Work to be completed >> Write the following entries out again exactly, skipping each image.

::::

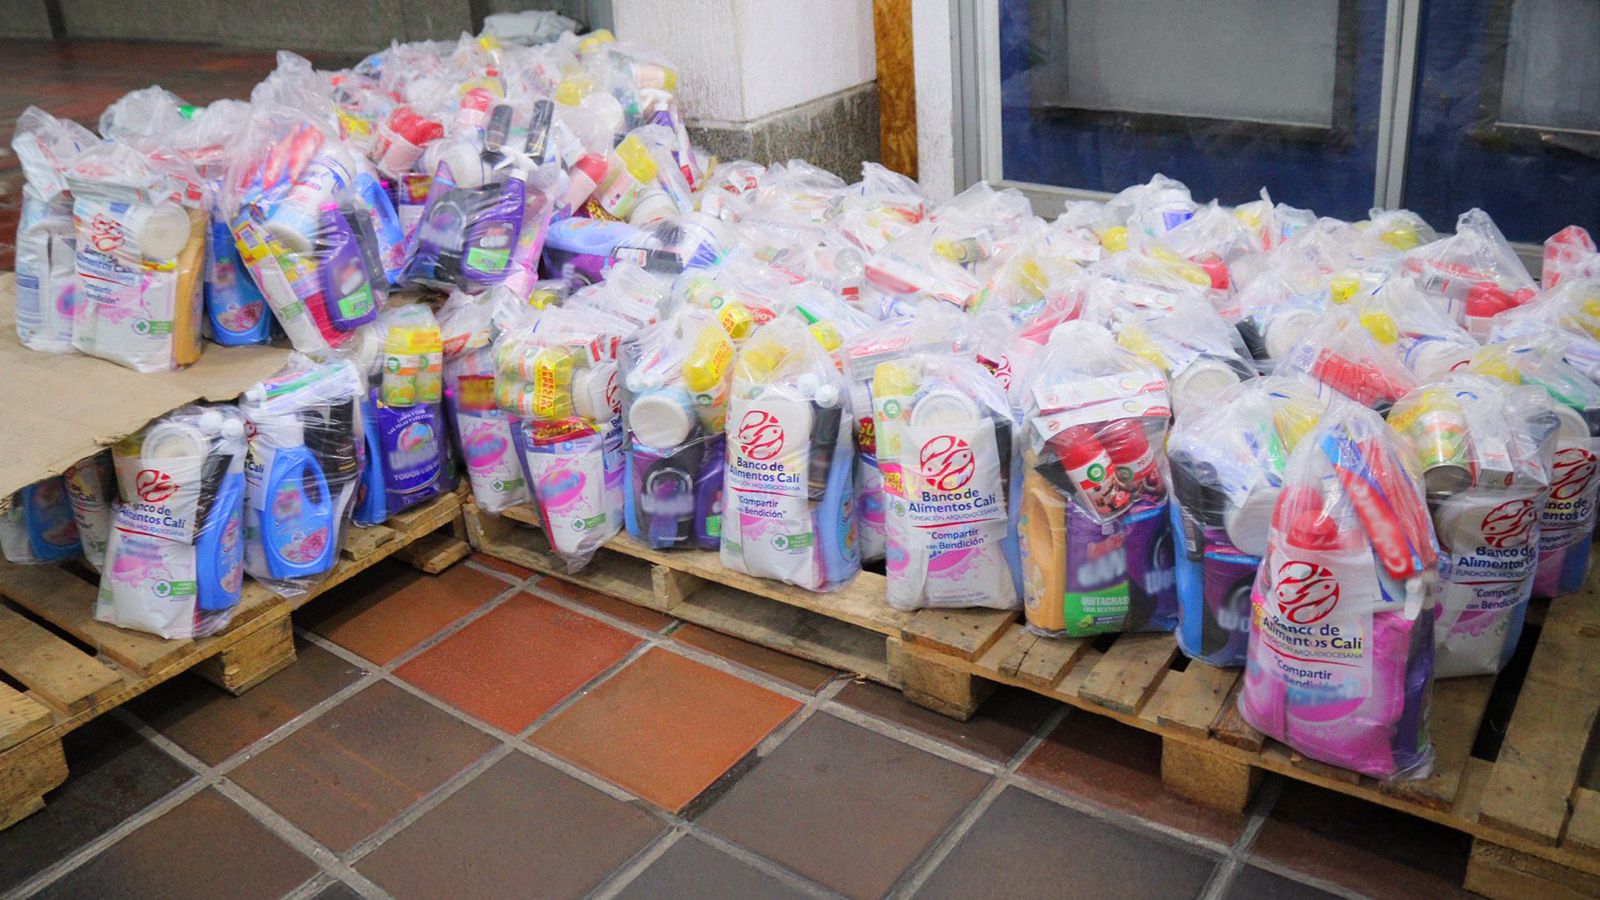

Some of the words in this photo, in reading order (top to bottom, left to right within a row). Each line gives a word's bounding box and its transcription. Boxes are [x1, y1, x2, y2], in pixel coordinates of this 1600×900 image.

[737, 456, 768, 471] Banco
[769, 461, 784, 472] de
[777, 473, 800, 483] Cali
[922, 491, 962, 502] Banco
[964, 488, 979, 499] de
[909, 502, 971, 514] Alimentos
[973, 493, 996, 508] Cali
[157, 505, 171, 516] de
[163, 516, 186, 528] Cali
[1476, 546, 1519, 558] Banco
[1458, 557, 1524, 569] Alimentos
[1320, 623, 1340, 636] de
[1331, 637, 1362, 650] Cali
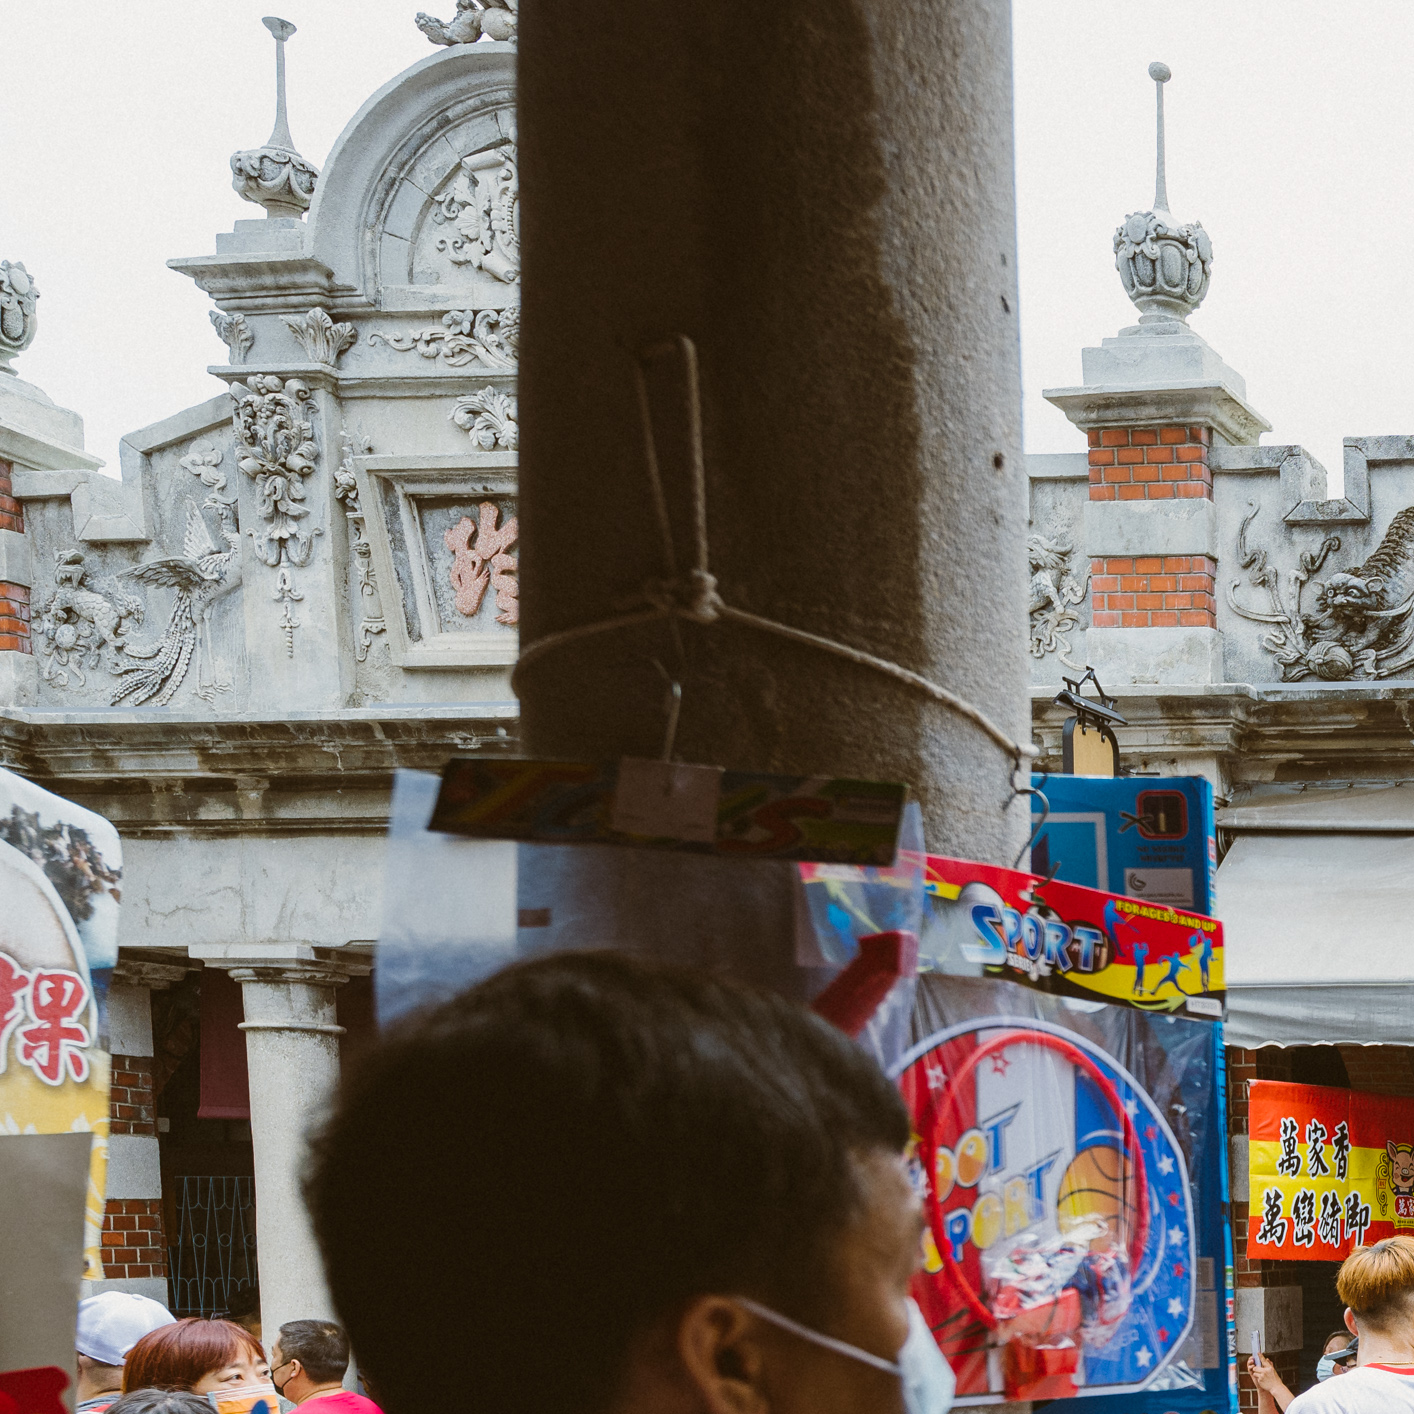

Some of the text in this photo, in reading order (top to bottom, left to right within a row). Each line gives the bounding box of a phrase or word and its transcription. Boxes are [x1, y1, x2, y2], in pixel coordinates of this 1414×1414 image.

[960, 903, 1103, 973] SPORT
[1278, 1116, 1353, 1181] 萬家香
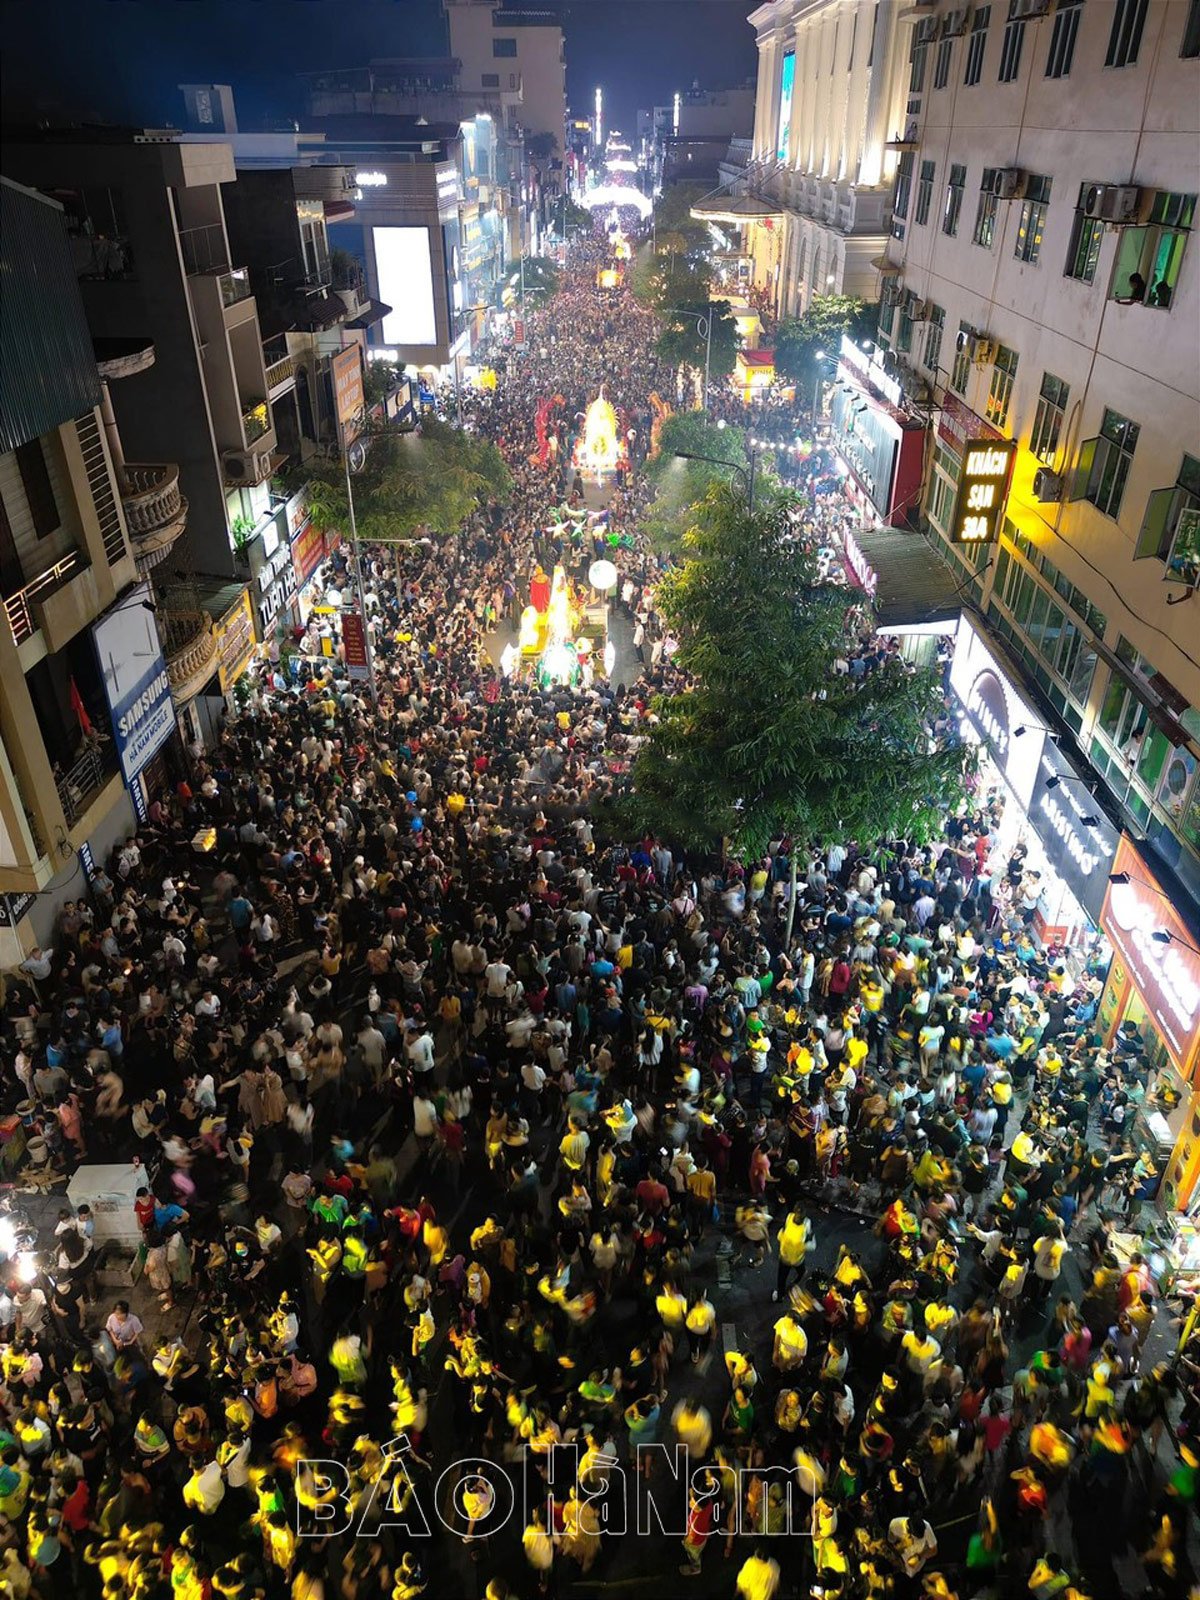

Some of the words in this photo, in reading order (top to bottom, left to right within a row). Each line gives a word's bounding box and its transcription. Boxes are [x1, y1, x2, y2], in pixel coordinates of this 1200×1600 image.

[966, 447, 1008, 475] KHÁCH
[967, 484, 995, 511] SẠN
[119, 670, 168, 738] SAMSUNG
[150, 709, 168, 738] MOBILE
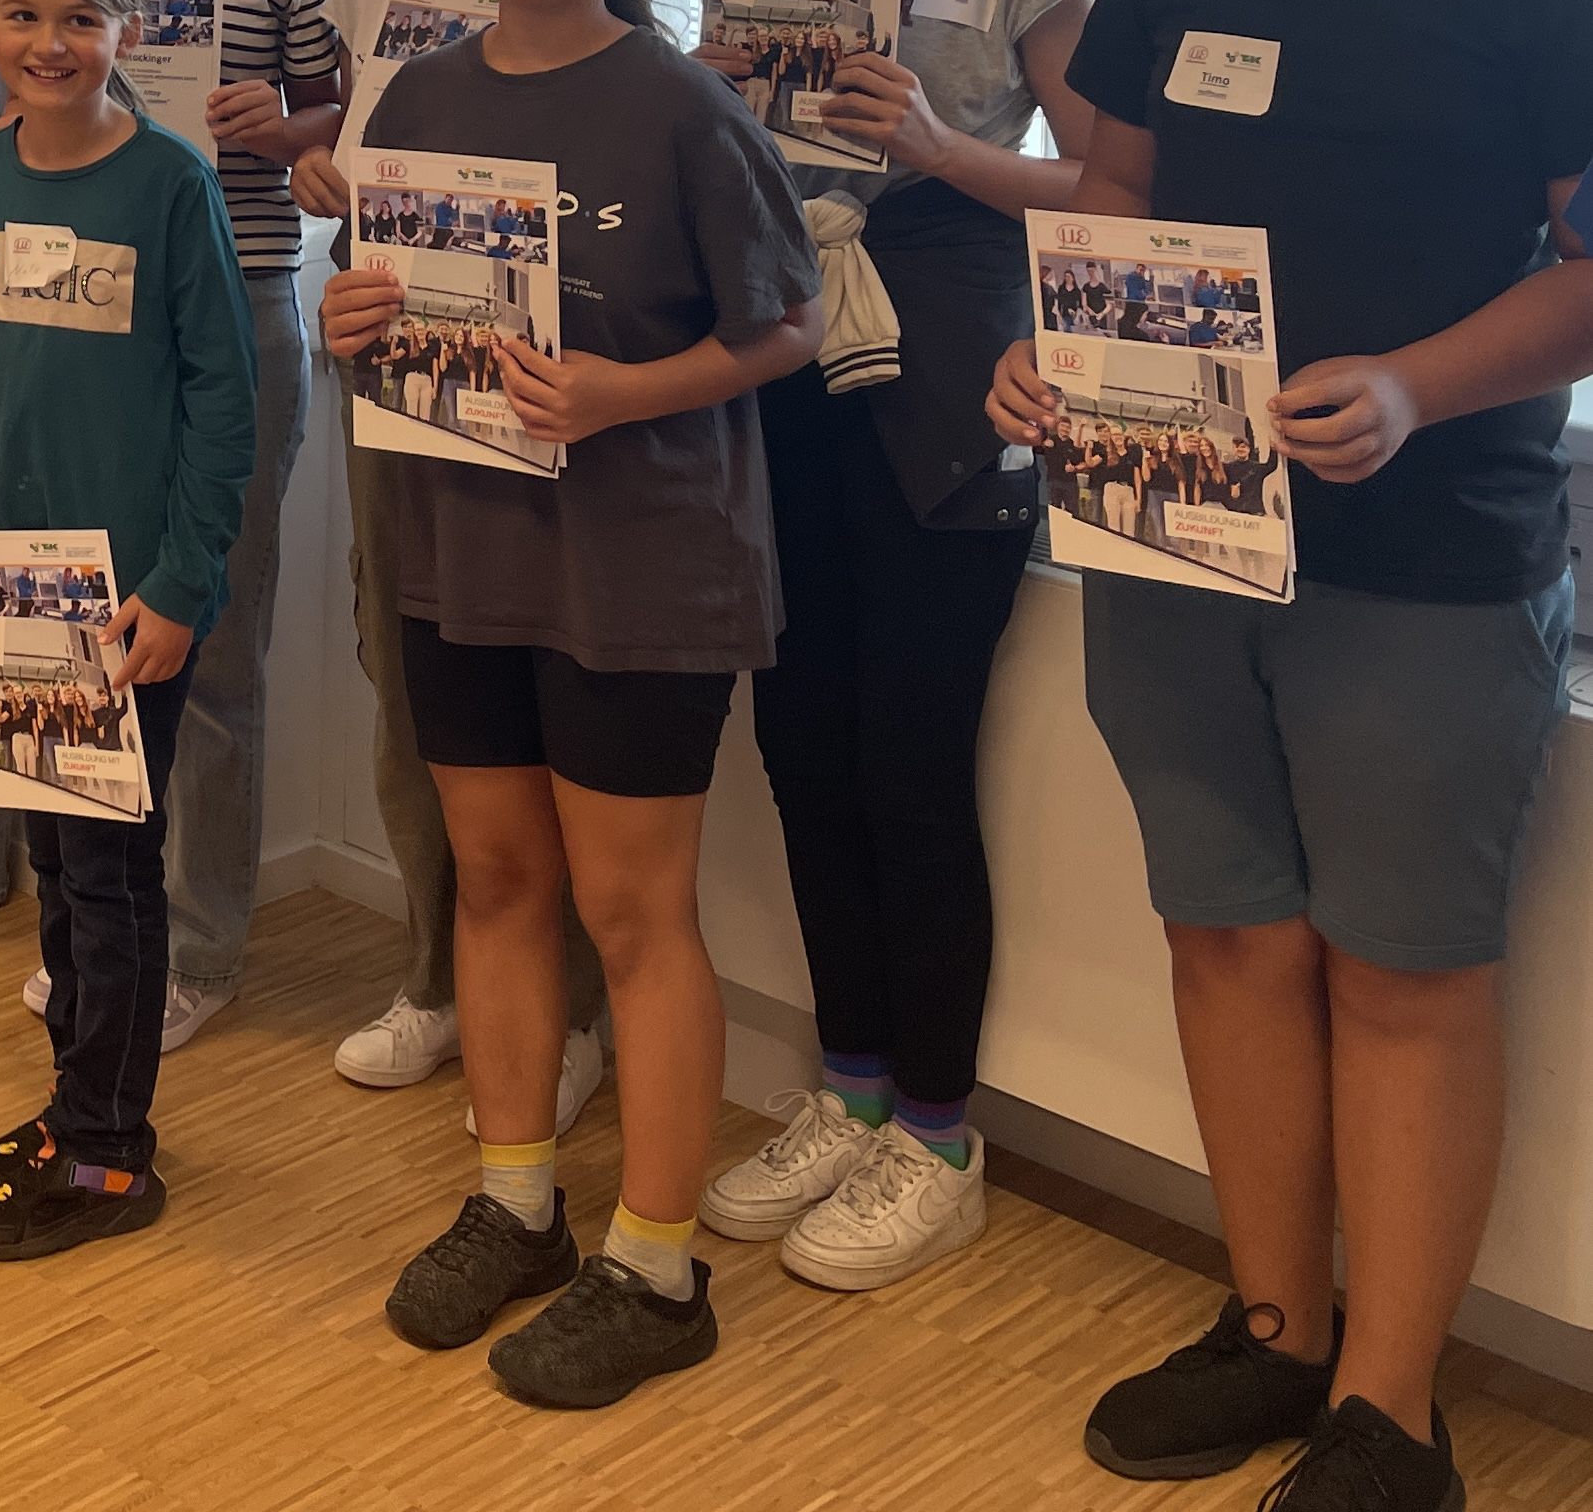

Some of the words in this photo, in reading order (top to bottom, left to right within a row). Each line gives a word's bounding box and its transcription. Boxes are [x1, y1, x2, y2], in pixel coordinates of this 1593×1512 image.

::::

Answer >>
Some of the words in this photo, in reading order (top to bottom, left to right within a row). Each line gives a word's bounding box and its transcription. Boxes are [x1, y1, x2, y2], in pixel coordinates of this 1600×900 image.

[737, 456, 768, 471] Banco
[769, 461, 784, 472] de
[777, 473, 800, 483] Cali
[922, 491, 962, 502] Banco
[964, 488, 979, 499] de
[909, 502, 971, 514] Alimentos
[973, 493, 996, 508] Cali
[157, 505, 171, 516] de
[163, 516, 186, 528] Cali
[1476, 546, 1519, 558] Banco
[1458, 557, 1524, 569] Alimentos
[1320, 623, 1340, 636] de
[1331, 637, 1362, 650] Cali

Some of the text in this photo, in reading order (top to bottom, left to right within a row). Each line gives the bounding box of a phrase or word and its transcription. Boxes are [x1, y1, x2, y2], in pixel coordinates of this 1414×1414 image.

[960, 903, 1103, 973] SPORT
[1278, 1116, 1353, 1181] 萬家香

Some of the words in this photo, in reading order (top to bottom, left to right within a row). Each line gives a word's bounding box and its transcription. Boxes are [x1, y1, x2, y2], in pixel coordinates of this 1200×1600 image.

[966, 447, 1008, 475] KHÁCH
[967, 484, 995, 511] SẠN
[119, 670, 168, 738] SAMSUNG
[150, 709, 168, 738] MOBILE

Some of the words in this photo, in reading order (top to bottom, left to right within a row). Each line gives a word's bounding box and its transcription. Boxes are [x1, y1, x2, y2], in pixel coordinates of this 1593×1512 image.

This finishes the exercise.